TASK OBJECTIVE: An exact transcription is needed of the lines below from the one with "this 2048×956 image." through the one with "this 1600×900 image.", with no other lines and no pictures.

EXERCISE INPUTS:
· · ·

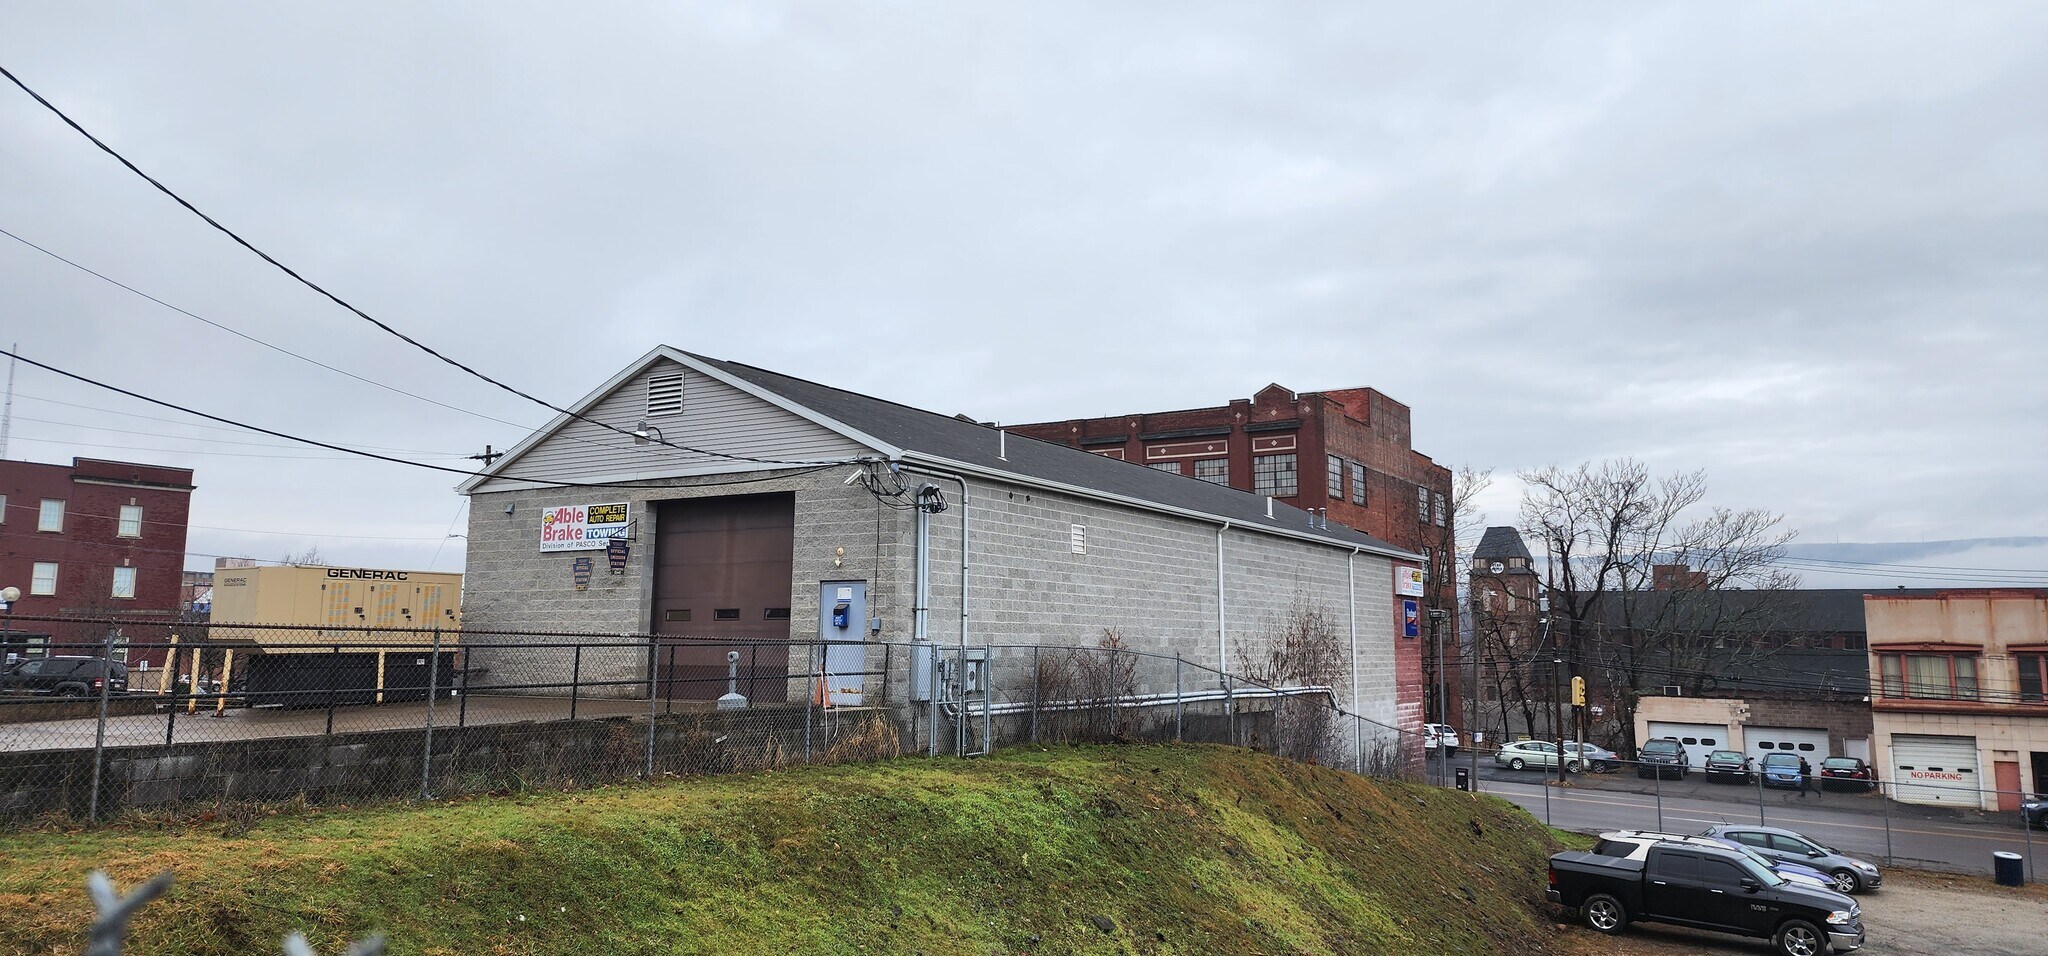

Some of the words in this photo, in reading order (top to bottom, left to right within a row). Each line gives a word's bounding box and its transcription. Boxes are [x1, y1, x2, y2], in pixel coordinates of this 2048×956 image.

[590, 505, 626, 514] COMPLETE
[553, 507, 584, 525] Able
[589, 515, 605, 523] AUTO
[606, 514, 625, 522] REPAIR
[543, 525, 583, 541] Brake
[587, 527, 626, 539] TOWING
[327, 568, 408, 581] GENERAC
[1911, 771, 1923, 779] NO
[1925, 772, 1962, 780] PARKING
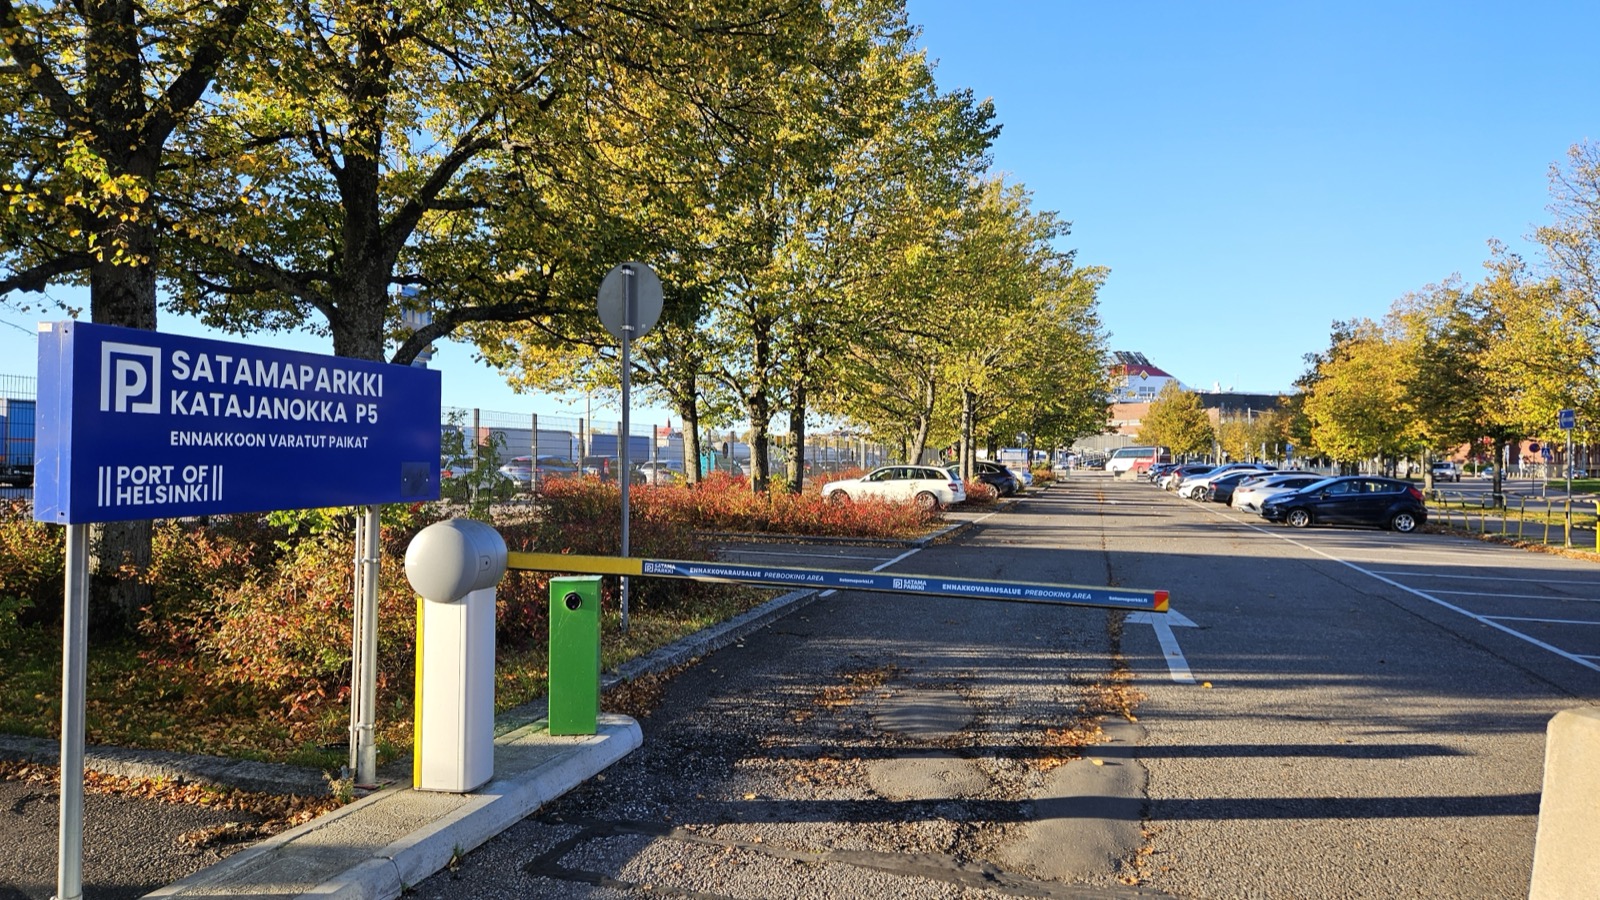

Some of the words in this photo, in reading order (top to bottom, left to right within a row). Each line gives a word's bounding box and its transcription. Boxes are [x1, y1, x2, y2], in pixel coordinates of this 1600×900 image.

· · ·

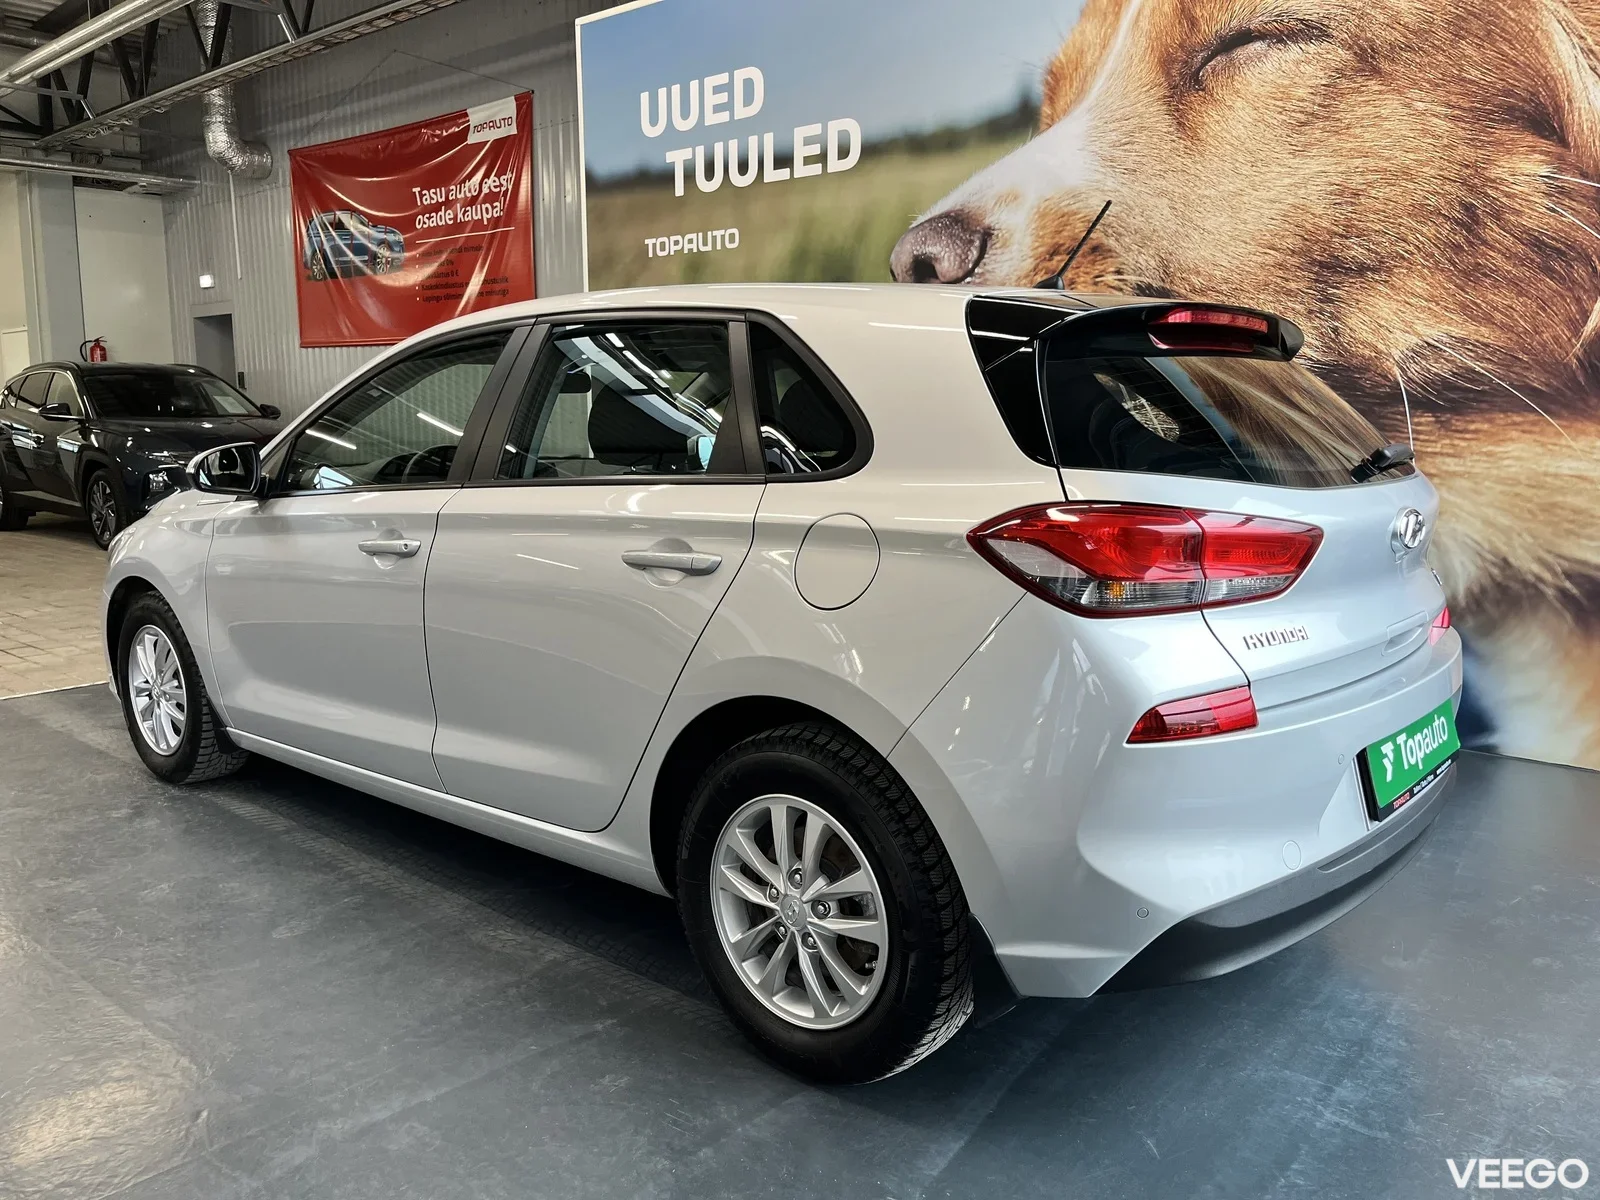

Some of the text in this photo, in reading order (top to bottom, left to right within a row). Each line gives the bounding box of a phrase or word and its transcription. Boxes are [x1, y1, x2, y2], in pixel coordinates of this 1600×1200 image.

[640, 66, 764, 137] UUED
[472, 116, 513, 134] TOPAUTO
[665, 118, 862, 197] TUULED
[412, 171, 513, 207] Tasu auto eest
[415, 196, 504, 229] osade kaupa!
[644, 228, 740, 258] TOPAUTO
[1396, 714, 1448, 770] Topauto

· · ·

WRITTEN RESPONSE:
Some of the words in this photo, in reading order (top to bottom, left to right within a row). Each line gives a word's bounding box and its transcription. Boxes are [x1, y1, x2, y2], in pixel coordinates of this 2048×956 image.

[590, 505, 626, 514] COMPLETE
[553, 507, 584, 525] Able
[589, 515, 605, 523] AUTO
[606, 514, 625, 522] REPAIR
[543, 525, 583, 541] Brake
[587, 527, 626, 539] TOWING
[327, 568, 408, 581] GENERAC
[1911, 771, 1923, 779] NO
[1925, 772, 1962, 780] PARKING

Some of the words in this photo, in reading order (top to bottom, left to right within a row). Each line gives a word's bounding box and its transcription. Boxes are [x1, y1, x2, y2], in pixel coordinates of this 1600×900 image.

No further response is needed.